_Directions for this task_. Print out the records below with nothing altered.

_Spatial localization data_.
************

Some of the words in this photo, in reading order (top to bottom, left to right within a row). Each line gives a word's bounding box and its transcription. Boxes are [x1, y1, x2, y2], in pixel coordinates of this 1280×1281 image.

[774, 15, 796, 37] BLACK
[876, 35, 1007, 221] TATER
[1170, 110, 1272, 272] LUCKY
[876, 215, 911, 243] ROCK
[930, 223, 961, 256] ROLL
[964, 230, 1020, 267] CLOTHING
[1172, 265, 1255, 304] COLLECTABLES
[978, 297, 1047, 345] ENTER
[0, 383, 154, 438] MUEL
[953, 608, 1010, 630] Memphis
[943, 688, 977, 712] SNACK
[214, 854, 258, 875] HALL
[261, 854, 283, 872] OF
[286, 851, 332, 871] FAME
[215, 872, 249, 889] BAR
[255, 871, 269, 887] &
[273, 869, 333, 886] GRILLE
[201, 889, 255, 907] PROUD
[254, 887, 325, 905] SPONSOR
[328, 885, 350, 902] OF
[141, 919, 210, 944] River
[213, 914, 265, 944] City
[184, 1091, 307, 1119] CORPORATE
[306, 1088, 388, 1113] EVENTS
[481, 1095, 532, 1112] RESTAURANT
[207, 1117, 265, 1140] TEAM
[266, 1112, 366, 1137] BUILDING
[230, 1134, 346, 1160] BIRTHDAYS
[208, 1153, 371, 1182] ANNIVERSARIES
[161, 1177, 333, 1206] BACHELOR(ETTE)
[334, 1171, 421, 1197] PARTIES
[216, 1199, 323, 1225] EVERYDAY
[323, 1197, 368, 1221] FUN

************

_Exercise answer_.
Some of the words in this photo, in reading order (top to bottom, left to right within a row). Each line gives a word's bounding box and its transcription. Boxes are [x1, y1, x2, y2], in pixel coordinates of this 1280×1281 image.

[774, 15, 796, 37] BLACK
[876, 35, 1007, 221] TATER
[1170, 110, 1272, 272] LUCKY
[876, 215, 911, 243] ROCK
[930, 223, 961, 256] ROLL
[964, 230, 1020, 267] CLOTHING
[1172, 265, 1255, 304] COLLECTABLES
[978, 297, 1047, 345] ENTER
[0, 383, 154, 438] MUEL
[953, 608, 1010, 630] Memphis
[943, 688, 977, 712] SNACK
[214, 854, 258, 875] HALL
[261, 854, 283, 872] OF
[286, 851, 332, 871] FAME
[215, 872, 249, 889] BAR
[255, 871, 269, 887] &
[273, 869, 333, 886] GRILLE
[201, 889, 255, 907] PROUD
[254, 887, 325, 905] SPONSOR
[328, 885, 350, 902] OF
[141, 919, 210, 944] River
[213, 914, 265, 944] City
[184, 1091, 307, 1119] CORPORATE
[306, 1088, 388, 1113] EVENTS
[481, 1095, 532, 1112] RESTAURANT
[207, 1117, 265, 1140] TEAM
[266, 1112, 366, 1137] BUILDING
[230, 1134, 346, 1160] BIRTHDAYS
[208, 1153, 371, 1182] ANNIVERSARIES
[161, 1177, 333, 1206] BACHELOR(ETTE)
[334, 1171, 421, 1197] PARTIES
[216, 1199, 323, 1225] EVERYDAY
[323, 1197, 368, 1221] FUN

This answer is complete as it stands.